The trees had been left far behind, in South Dakota. The hills, too. There was nothing here in Wyoming, except us, the road and the sagebrush. The only signs of civilization were the fences that ran along the miles of highway to keep the grazing animals from wandering out and getting killed. I wondered if it was to protect us or the animals. We didn’t see any grazing. Neither did we see men, women, children, buffalo. There was no gas station, nowhere to get a Coke, no motels. There was no wildlife, no deer, rabbits, or birds.

“You want to live here?” I asked Candy.

“I dunno,” she replied dully. “I have to live somewhere. Now that I’ve lost my money, I have to find a place where Erv can’t find me.”

“This ain’t it,” said Gina. “Here you might as well put an orange hat on your head, and signal him. Yo, Erv, I’m the only resident of Wyoming.”

“What about Custer? We passed that a few miles back.”

“It made even you depressed,” said Gina. “I saw your face.”

“It’s not Custer that made me depressed,” said Candy.

Suppressing a sigh, a sound of anguish, I said to Gina, “Show me a grazing animal.”

“Perhaps they’re all dead,” Gina said wisely. “Maybe their ecosystem is already ruined. That’s why compassionate people are fighting to save it.”

Candy chuckled. “Look left, girls.” As we passed a small beat-
down farm, near the barbed wire fence lay two llamas, lazing not grazing.

“Llamas, Gina,” I said, slowing down to take a better look. “Llamas in Wyoming. Interesting. Are they, hmm, indigenous to the sagebrush?”

Gina rolled her eyes. “Make fun. Go ahead. But when you can’t get a decent burger in your cute little Cambridge, Massachusetts, you’ll know why.”

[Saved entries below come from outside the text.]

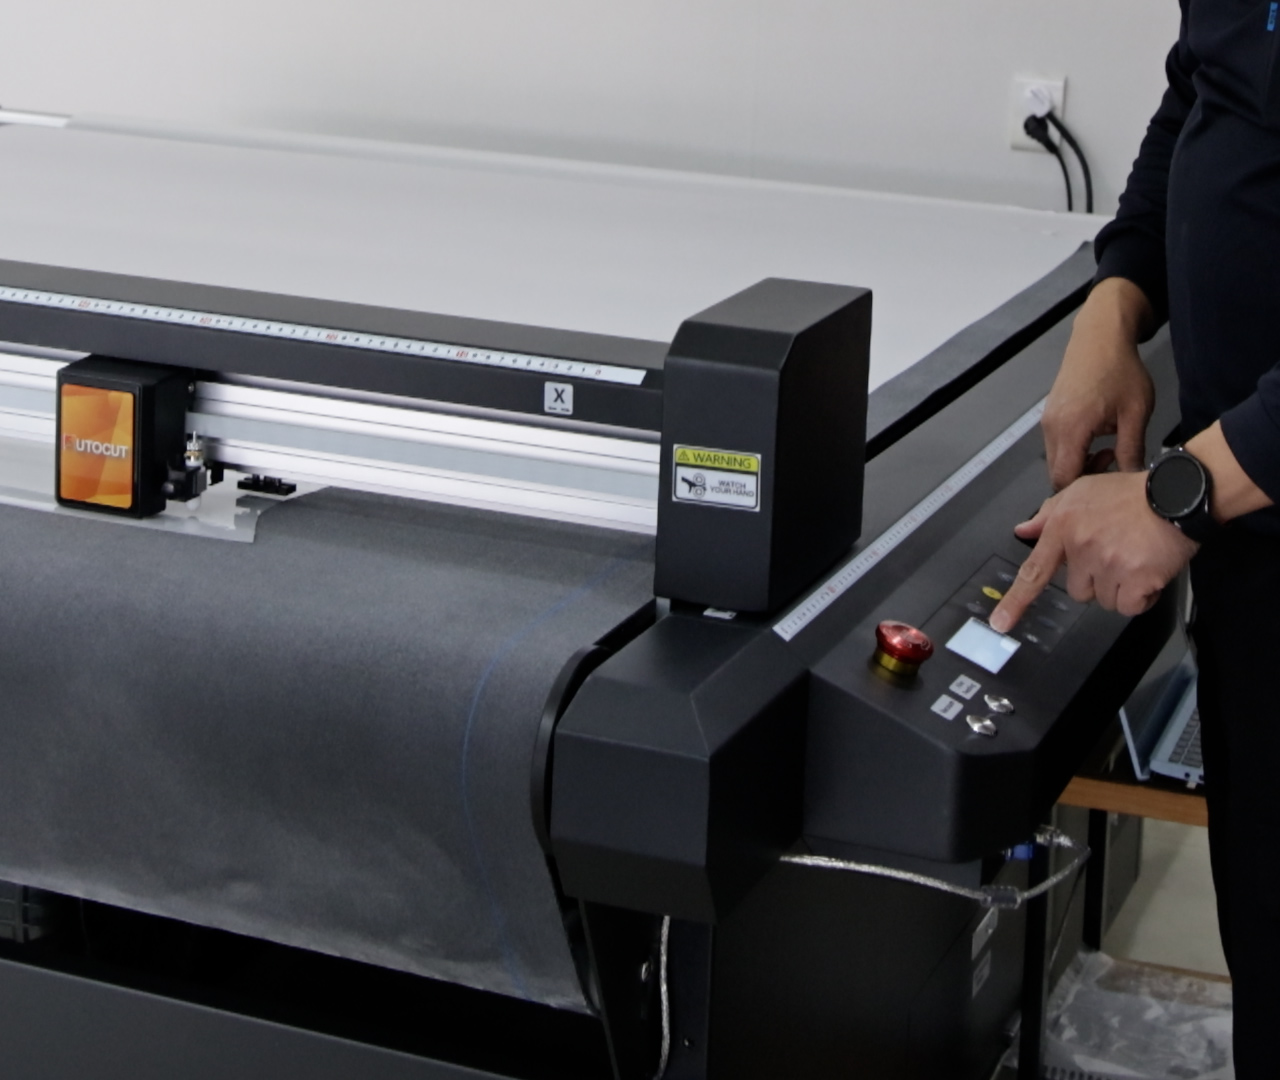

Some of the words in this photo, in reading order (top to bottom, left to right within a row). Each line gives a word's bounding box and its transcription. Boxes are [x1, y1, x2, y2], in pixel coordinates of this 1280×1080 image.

[553, 387, 565, 404] X
[692, 451, 752, 469] WARNING
[709, 485, 732, 496] YOUR
[733, 488, 755, 498] HAND
[718, 479, 747, 490] WATCH
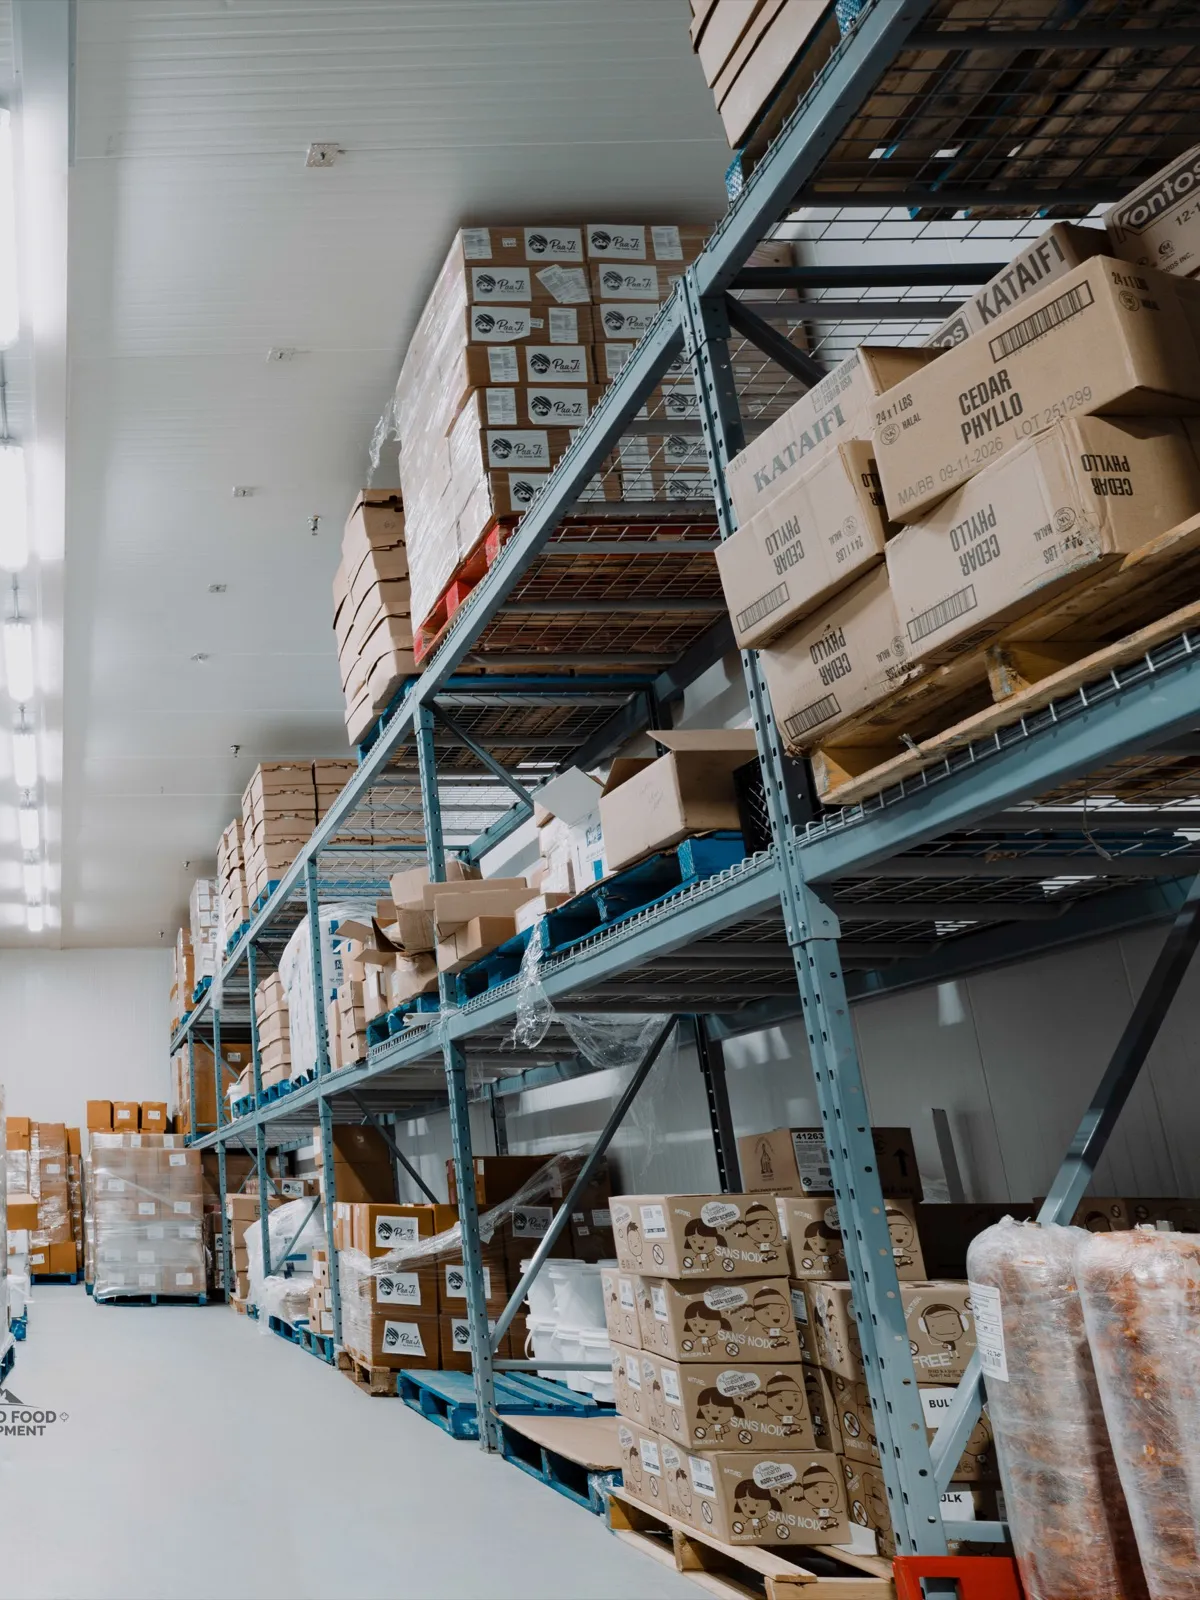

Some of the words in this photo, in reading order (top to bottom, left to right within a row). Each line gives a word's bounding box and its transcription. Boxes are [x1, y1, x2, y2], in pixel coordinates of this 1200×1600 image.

[976, 235, 1066, 326] KATAIFI
[875, 411, 887, 426] 24
[893, 403, 899, 416] 1
[899, 393, 914, 411] LBS
[958, 369, 1013, 416] CEDAR
[902, 412, 922, 430] HALAL
[939, 437, 1004, 482] 09-11-2026
[1012, 415, 1041, 441] LOT
[1044, 385, 1093, 423] 251299
[960, 392, 1024, 445] PHYLLO
[752, 403, 848, 494] KATAIFI
[1081, 454, 1131, 473] PHYLLO
[1090, 477, 1134, 496] CEDAR
[765, 515, 801, 556] PHYLLO
[950, 503, 998, 552] PHYLLO
[773, 540, 805, 576] CEDAR
[958, 533, 1001, 577] CEDAR
[810, 625, 847, 665] PHYLLO
[818, 652, 853, 687] CEDAR
[714, 1246, 740, 1259] SANS
[741, 1250, 765, 1264] NOIX
[717, 1330, 746, 1344] SANS
[748, 1335, 774, 1349] NOIX
[929, 1399, 953, 1408] BUL
[730, 1417, 759, 1432] SANS
[760, 1422, 786, 1437] NOIX
[940, 1494, 962, 1503] ULK
[767, 1510, 796, 1526] SANS
[797, 1516, 822, 1531] NOIX

The grassland was like the Sand Hills in Nebraska. Infinite. After Custer and Newcastle there had been no towns. We’d gone a hundred miles.

“Where are we going?”

“I don’t know.”

“Where are we stopping?”

“I don’t know. I’d like to find a place to live, if it’s all the same to you.”

“Here?” I threw out my arm to indicate the landscape, empty except for the interminable grassland, separated from the road by miles of chicken-wire fence. Candy laughed a little, then retreated once more to her window.

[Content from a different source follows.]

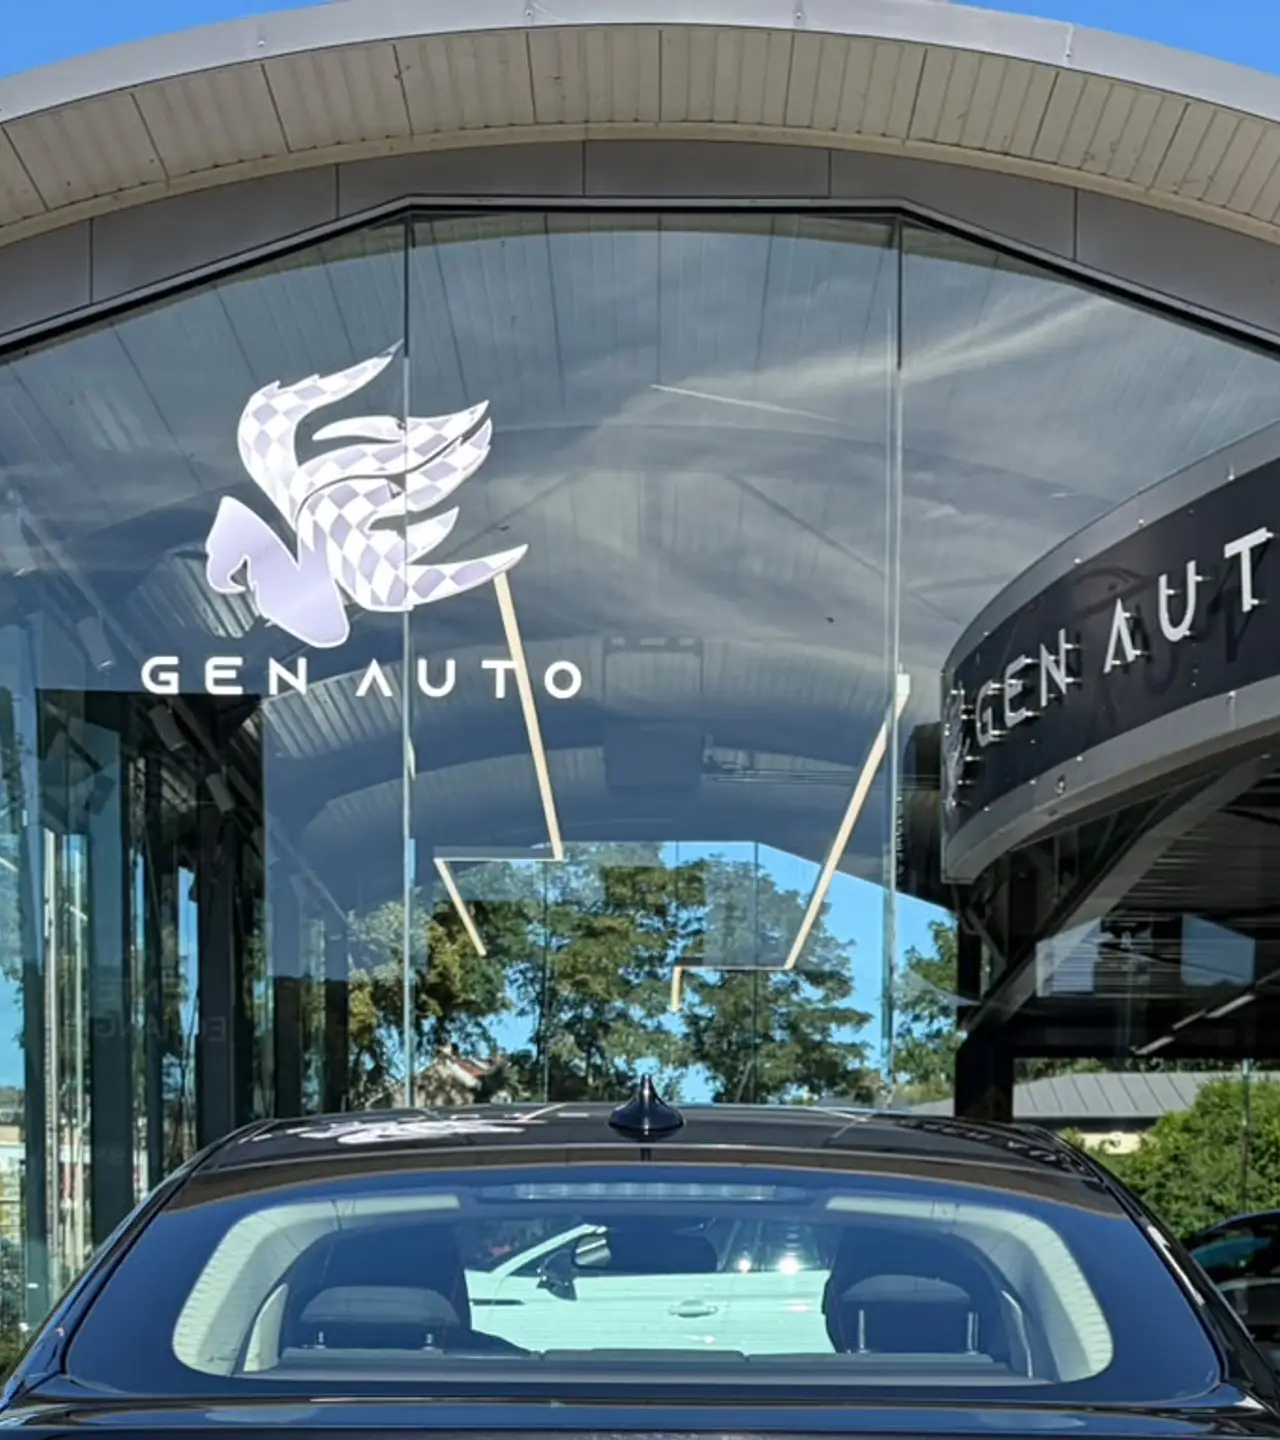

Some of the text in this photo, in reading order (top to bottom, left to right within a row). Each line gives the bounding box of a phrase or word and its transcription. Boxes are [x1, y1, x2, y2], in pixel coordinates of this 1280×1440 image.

[141, 655, 582, 699] GEN AUTO
[975, 627, 1067, 748] GEN

Forty miles further on, just as I was worrying about running out of gas, out of nowhere, small suburban tract houses rose from the ground, clustered together in a housing development. We stopped, rolled down our windows. Some kids were skateboarding while their dad washed the car. “Excuse me,” Gina said, “can you kids tell me what this place is called?”

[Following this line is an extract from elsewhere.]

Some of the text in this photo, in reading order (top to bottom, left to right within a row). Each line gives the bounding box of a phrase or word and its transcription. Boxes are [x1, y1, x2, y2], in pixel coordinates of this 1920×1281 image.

One of the kids pointed at the sidewalk. “This is Wright,” he said. “Who you looking for?”

“Gas,” Gina said, glancing back at Candy. Slowly we drove through the development that was the town of Wright. The fascinating thing was that a quarter mile earlier there had been nothing, and now there were houses, but not a single business, no stores, supermarkets, or restaurants, no shops of any kind. Just private, close-together
homes with small yards. A minute later, we were out of the housing development, and the sign on the road said, “Thank you for visiting Wright, Wyoming, a good place to live and work.”

“Can I live here?” asked Candy, looking around.

“Why not?” I said. “Llamas do.”

Up ahead on the main road, we saw a gas station and a Subway deli in a separate building nearby. I pumped gas while the girls got out to stretch their legs, then we drove the five yards uphill to get a sandwich. The place looked closed, but only because there was almost no one in it. The only food game in town; yet there was just one customer inside, a burly tall man who looked like a truck driver. We saw him through the window, and even here in the middle of staggering nowhere, got a pang in our gut, and rolled around back, staying in the car until he left. The three of us said nothing as we waited for him to empty out.

The girl behind the counter was slicing cheese, the boy wiping the shredded lettuce onto the floor. We ordered, and while the girl was making our tuna and salami and roast beef, Candy asked, “Excuse me, but what do all the men do in this town?”